Musik zwischen Gegenwart und Mittelalter

WIEN MODERN

Musik zwischen Gegenwart und Mittelalter
Sa, 19.11.2011, 19:30 Uhr

Klosterneuburg

Das Vorhaben, ein Stück zu schreiben, das sich ausdrücklich auf den Einsatz minimaler musikalischer Mittel konzentriert, geht auf eine frühere Komposition von Gerd Kühr zurück: die "Revue instrumentale et électronique", eine 2005 uraufgeführte Raumkomposition für Instrumentalensemble und Zuspielungen.

Das Vorhaben, ein Stück zu schreiben, das sich ausdrücklich auf den Einsatz minimaler musikalischer Mittel konzentriert, geht auf eine frühere Komposition von Gerd Kühr zurück: die "Revue instrumentale et électronique", eine 2005 uraufgeführte Raumkomposition für Instrumentalensemble und Zuspielungen. In Anlehnung an Hans Werner Henze, der (mit Bezug auf Pablo Neruda) für sein kompositorisches Schaffen gerne den Begriff „impura” (= unrein) heranzieht, will Kührs neues Ensemblestück hingegen „pura” wirken.
Fasziniert von der Klarheit und Transparenz Alter Musik, setzen sich KomponistInnen immer wieder mit Werken auseinander, die gleichsam die Wurzeln der abendländischen Kunstmusik bilden. Anschauliche Beispiele dafür zeigt das Programm dieses Konzertes im Rahmen von WIEN MODERN: insofern ein ideales Umfeld für Gerd Kührs neues Werk "Música Pura".

Friedrich Cerha, der heuer seinen 85. Geburtstag feierte, reflektiert die Wurzeln seiner musikalischen Vorstellungen in seinen 1992 (ebenfalls im Auftrag der Sammlung Essl) entstandenen "Quellen" in sehr persönlicher Weise.
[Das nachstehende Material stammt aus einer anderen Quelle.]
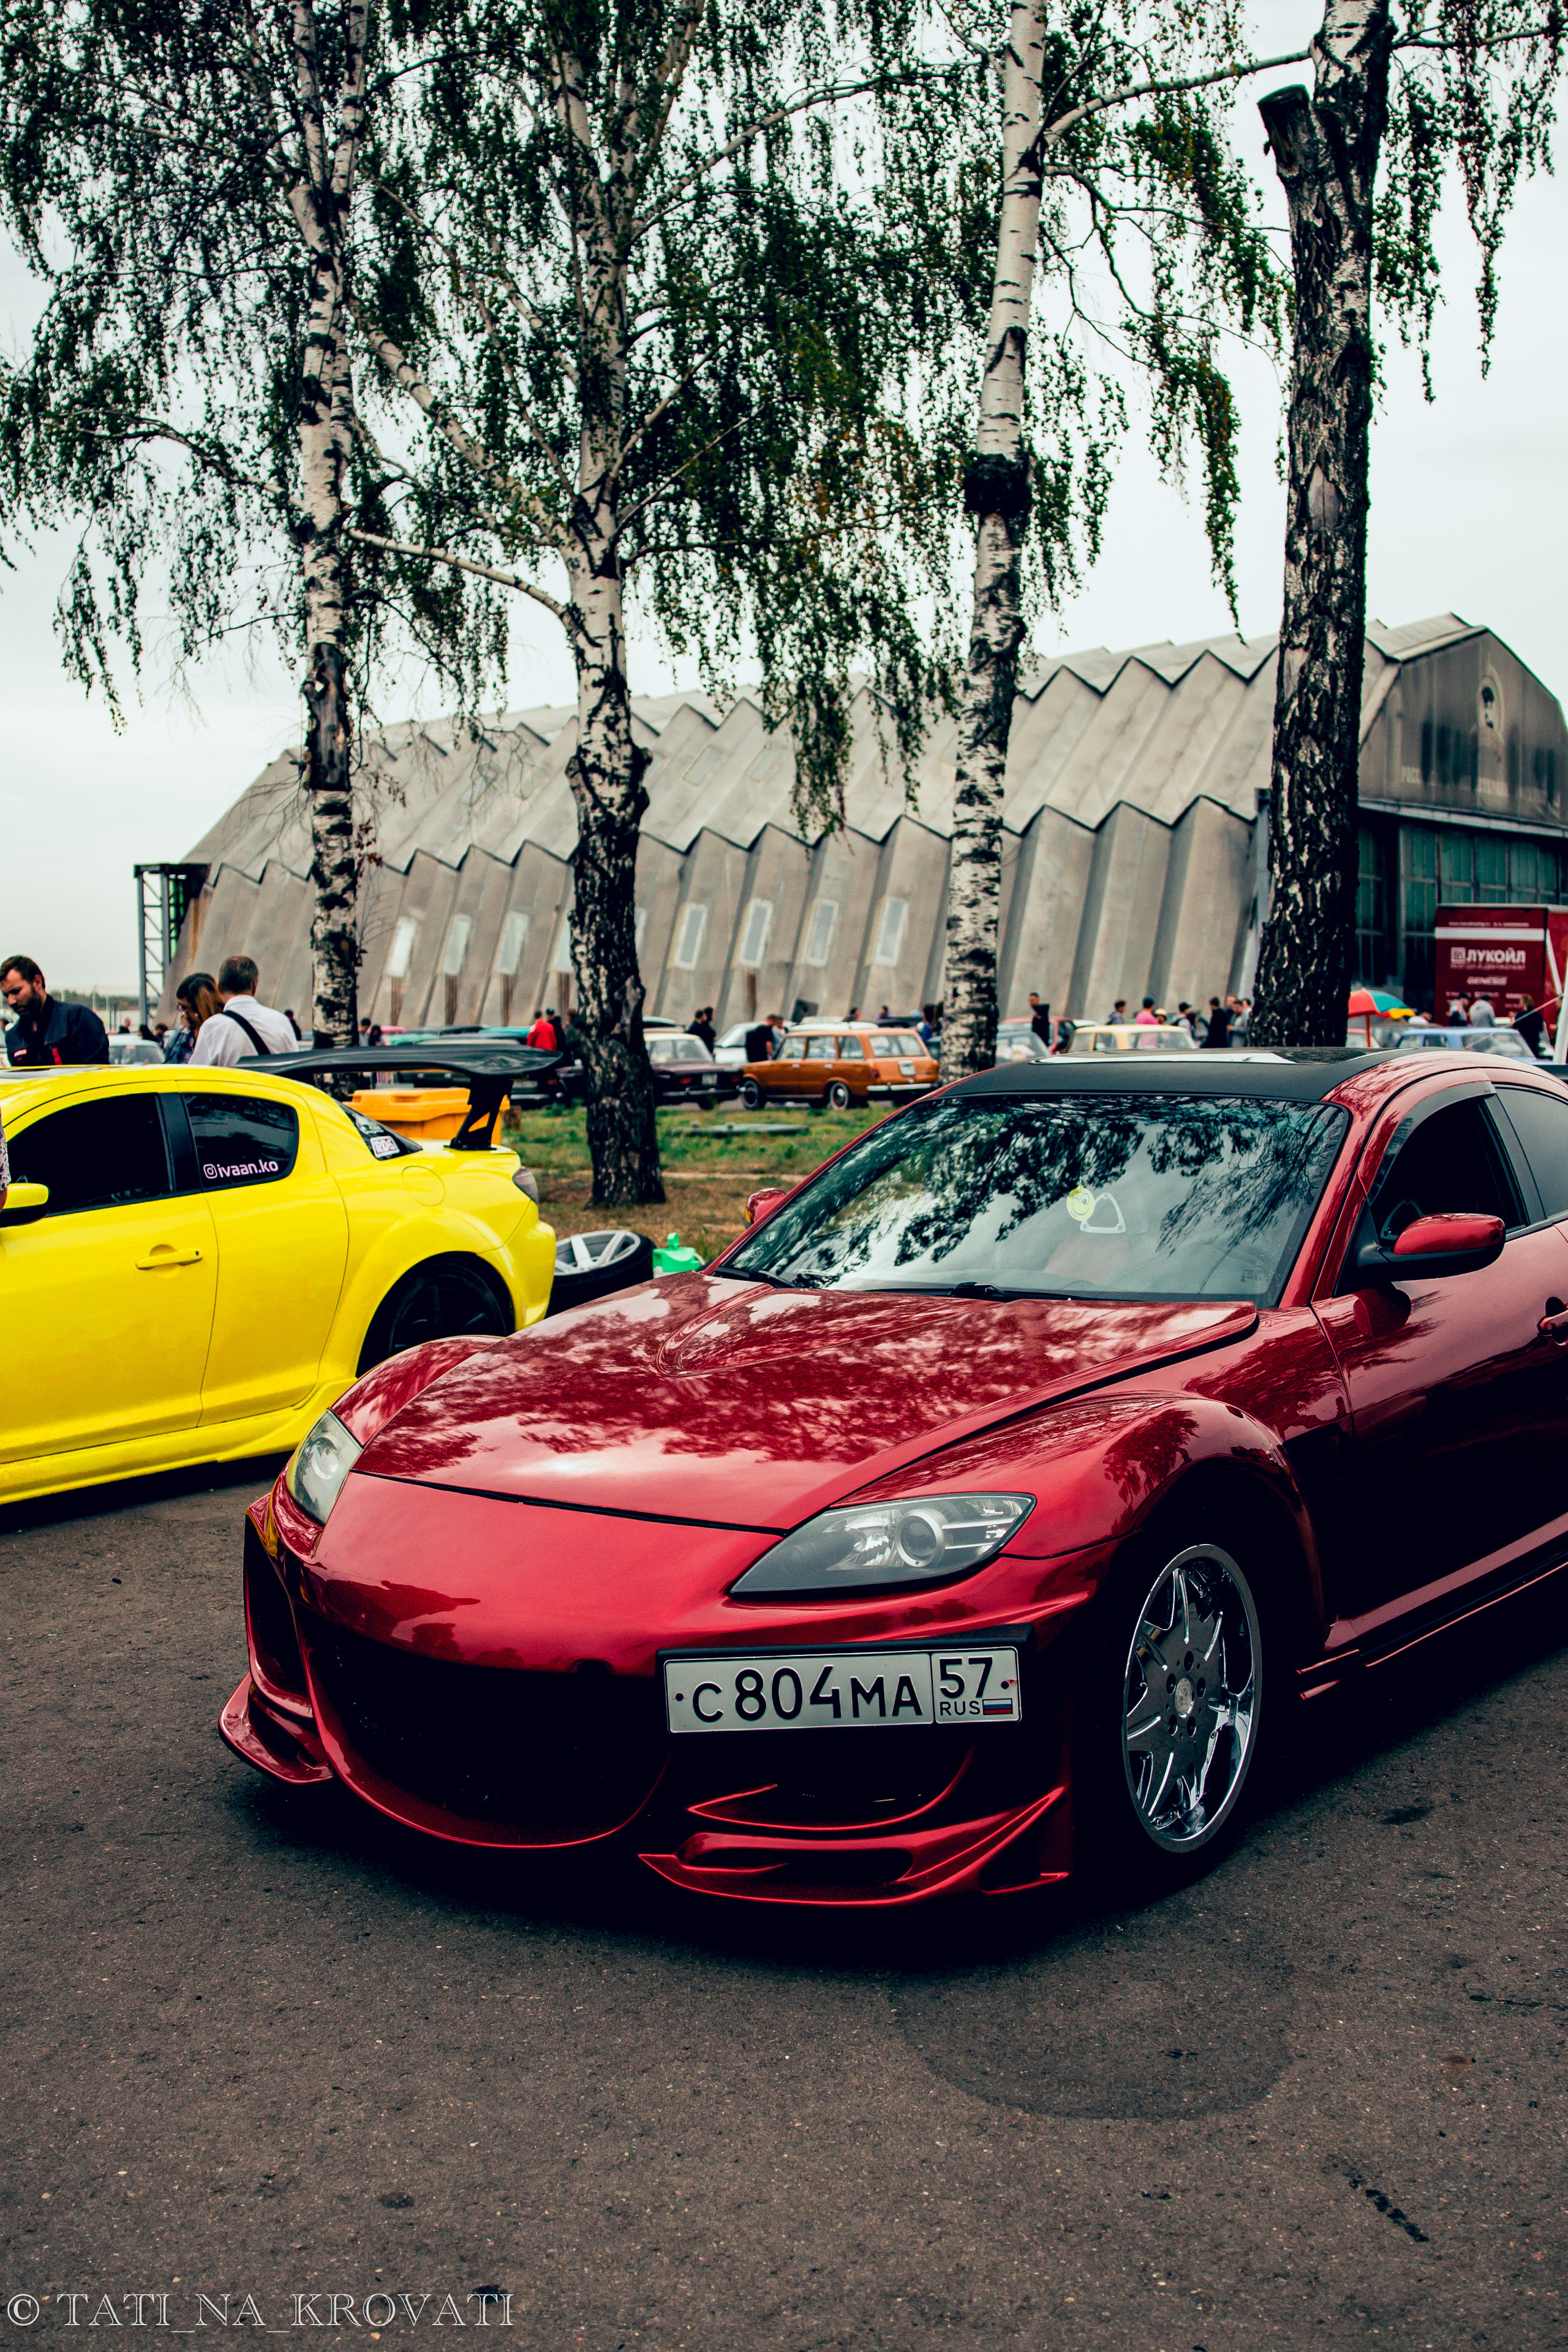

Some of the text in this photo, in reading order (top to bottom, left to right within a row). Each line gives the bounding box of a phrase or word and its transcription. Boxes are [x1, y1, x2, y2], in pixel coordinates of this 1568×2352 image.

Auf Anregung von Claudio Abbado vergibt die Sammlung Essl alljährlich einen Kompositionsauftrag, der im Rahmen des Festivals WIEN MODERN im Klosterneuburger
SCHÖMER-HAUS uraufgeführt wird. 1992 war es Friedrich
Cerha, der mit seinen Quellen das erste Werk für dieses von Heinz Tesar konzipierte Bauwerk schuf, und heuer erlebt mit Gerd Kührs Música pura das zwanzigste Stück dieser Reihe sein Uraufführung. Beide Kompositionen erklingen im außergewöhnlichen Ambiente des SCHÖMER-HAUSES. Seine architektonische Struktur mit den dreigeschossigen umlaufenden Galerien und dem ellipsenförmigen Grundriss erzeugt eine ganz besondere Raumakustik, die an eine mittelalterliche Kathedrale denken lässt. Oder auch an den Markusdom in Venedig mit seinen gegenüberliegenden Emporen, die Renaissancekomponisten wie Giovanni Gabrieli zu mehrchörigen Raumklangkompositionen inspirierten.
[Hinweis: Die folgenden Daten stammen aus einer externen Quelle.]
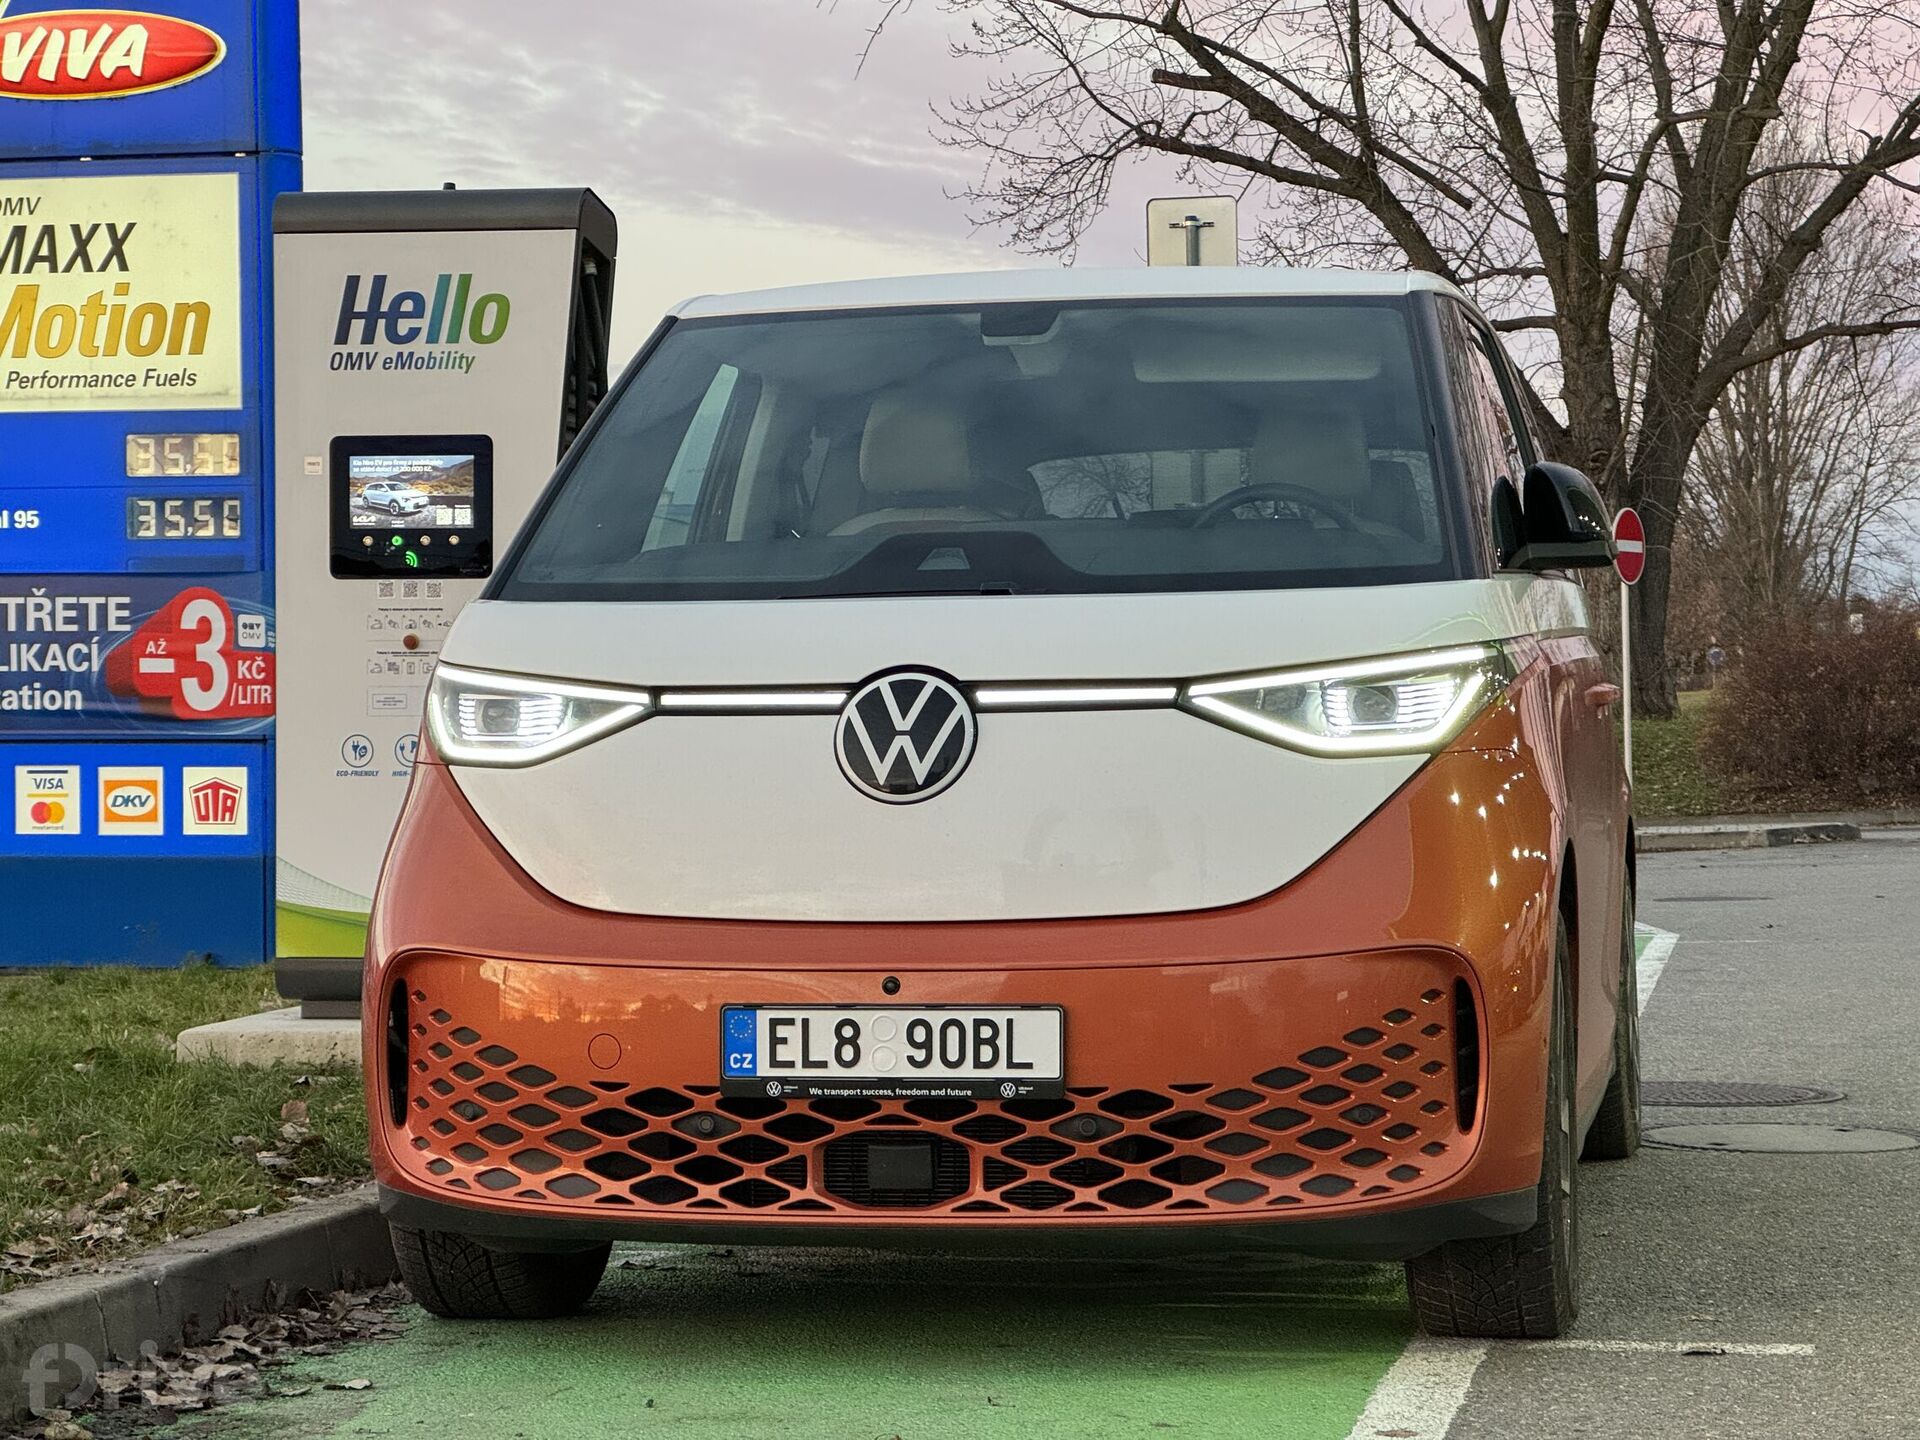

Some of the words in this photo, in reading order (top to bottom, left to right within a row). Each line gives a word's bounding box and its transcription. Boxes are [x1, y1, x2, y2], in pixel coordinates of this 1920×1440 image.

[1, 23, 149, 83] VIVA
[0, 196, 42, 216] MV
[334, 273, 511, 345] Hello
[329, 351, 379, 371] OMV
[382, 350, 476, 374] eMobility
[6, 369, 137, 390] Performance
[142, 367, 198, 388] Fuels
[14, 510, 40, 529] 95
[145, 638, 168, 655] AŽ
[237, 655, 267, 680] KČ
[0, 682, 83, 711] ation
[229, 682, 273, 707] /LITR
[32, 778, 64, 790] VISA
[111, 794, 152, 808] DKV
[192, 780, 240, 822] UTA
[768, 1017, 861, 1070] EL8
[905, 1017, 1034, 1070] 90BL
[729, 1053, 753, 1069] CZ
[809, 1087, 822, 1096] We
[824, 1087, 861, 1098] transport
[862, 1088, 894, 1097] success,
[895, 1087, 929, 1096] freedom
[930, 1087, 946, 1096] and
[946, 1087, 972, 1096] future
Musik aus dieser Epoche wird auch heute zu hören sein und bildet einen spannungsreichen und beziehungsvollen Kontrapunkt zu den beiden, 20 Jahre auseinanderliegenden Auftragskompositionen von Gerd Kühr und Friedrich Cerha: Renaissancemusik aus England in zeitgenössischen Bearbeitungen von Harrison Birtwistle, Peter Maxwell Davies und mir. Damit wird auch eine Verbindung zu dem Jahresmotto unserer Konzertreihen hergestellt, das heuer CROSS THE BORDER lautet; Grenzüberschreitungen zwischen Kulturen, Epochen und Stilen werden hier thematisiert und ästhetisch erfahrbar gemacht.

Univ.-Prof. Dr. Karlheinz Essl
Musikintendant der Sammlung Essl

 
PROGRAMM
John Dunstable, John Bedingham, Karlheinz Essl: O rosa bella
bearbeitet für Flöte, Oboe, Klarinette, Violine, Viola und Violoncello von Karlheinz Essl
  Ballata
  Tabulatura
  Missa - Kyrie I
  Missa - Christe
  Missa - Kyrie II
  Quodlibet
  Concordantiae
  Epilog (Komponist: Karlheinz Essl)
 
Gerd Kühr: Música pura (2010/2011)
Fünf Sätze für Ensemble
Auftragswerk der Sammlung Essl für WIEN MODERN 2011


Guillaume de Machaut: Hoquetus David
bearbeitet für Flöte (Piccolo), Klarinette, Glockenspiel,
Glocken, Violine und Violoncello von Harrison Birtwistle
 
Aus: Four Instrumental Motets from Early Scottish Originals
 bearbeitet für Flöte, Klarinette, Violine, Viola, Violoncello, Celesta, Gitarre und Percussion von Peter Maxwell Davies
  David Peebles und Heagy: Si Quis Diligit Me
  Anonymus: All Sons of Adam
  John Angus: Our Father whiche in Heaven Art

Friedrich Cerha: Quellen (1992)
für Ensemble
Auftragswerk der Sammlung Essl für WIEN MODERN 1991

 

AUSFÜHRENDE
Ensemble die reiheDirigent: Gerd Kühr


WERKEINFÜHRUNGEN

von Karlheinz Essl

MUSICA PURA
Die Programmgestaltung des heutigen Abends nutzt die räumlich-akustische Disposition des SCHÖMER-HAUSES und bezieht sich darüber hinaus auf das vom Festival vorgegebene Thema "UK Collection". Die Gegenüberstellung englischer und österreichischer Komponisten wird hier auf ganz spezielle Weise eingelöst, indem Musik der (vornehmlich) englischen Gotik und Renaissance in Bearbeitungen britischer und österreichischer Komponisten zu hören sein wird. Damit bildet sie einen Kontrapunkt zur zeitgenössischen Klangsprache von Friedrich Cerha und Gerd Kühr, die sich intensiv mit Alter Musik auseinandergesetzt haben; man denke etwa an Cerhas Editionen frühbarocker Instrumentalwerke. Gerhard Kühr fand die Idee so reizvoll, dass er sein Auftragswerk Música pura in Bezug auf die in diesem Konzert gespielte gotische Musik komponierte. Dies findet nicht zuletzt auch im Titel dieser Auftragskomposition seinen Niederschlag.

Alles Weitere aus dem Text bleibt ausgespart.